**What needs to be done**
Produce a faithful copy of the data, one that leaves out the pictures.

#### Available data ####

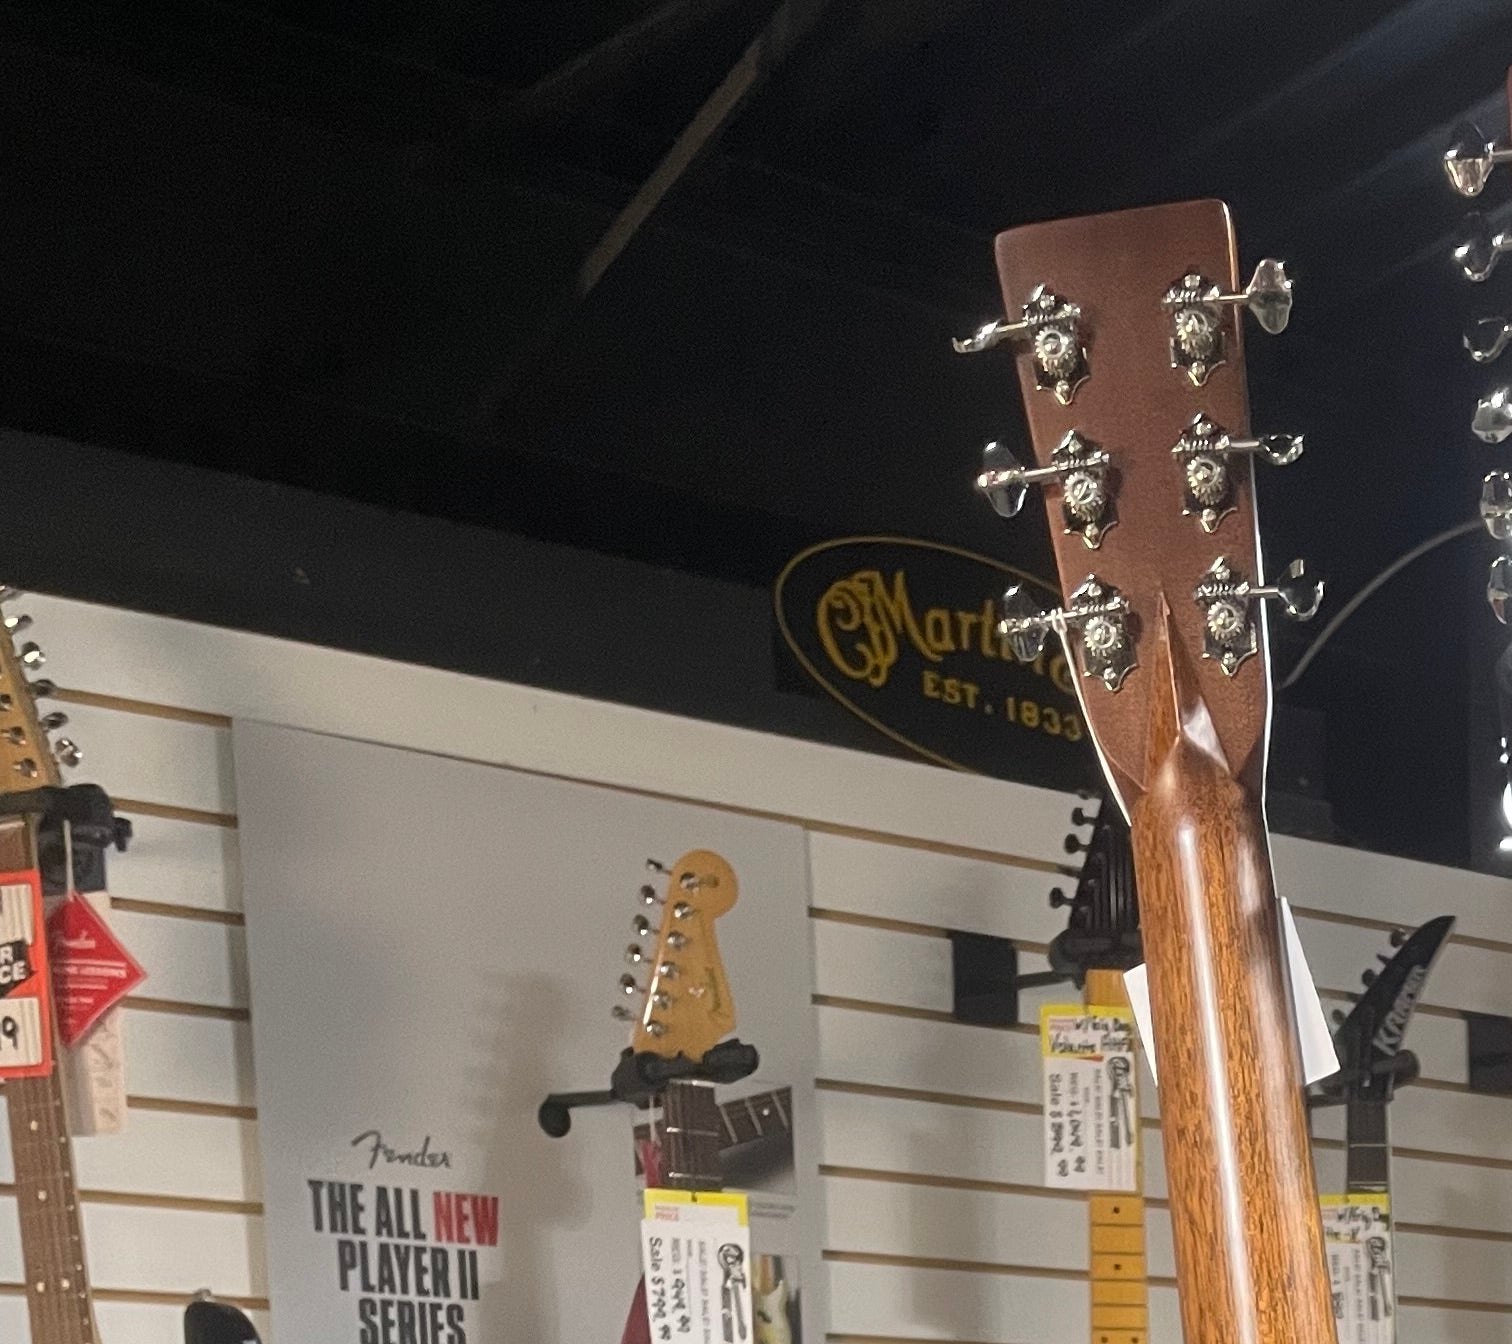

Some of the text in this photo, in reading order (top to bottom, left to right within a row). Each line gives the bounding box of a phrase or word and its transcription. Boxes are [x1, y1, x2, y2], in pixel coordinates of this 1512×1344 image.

[1006, 697, 1083, 742] 1833
[351, 1130, 451, 1169] Fender
[307, 1179, 499, 1248] THE ALL NEW
[337, 1239, 480, 1300] PLAYER II
[649, 1236, 663, 1272] Sale

####

**Your response**
Some of the text in this photo, in reading order (top to bottom, left to right within a row). Each line gives the bounding box of a phrase or word and its transcription. Boxes are [x1, y1, x2, y2], in pixel coordinates of this 1512×1344 image.

[1006, 697, 1083, 742] 1833
[351, 1130, 451, 1169] Fender
[307, 1179, 499, 1248] THE ALL NEW
[337, 1239, 480, 1300] PLAYER II
[649, 1236, 663, 1272] Sale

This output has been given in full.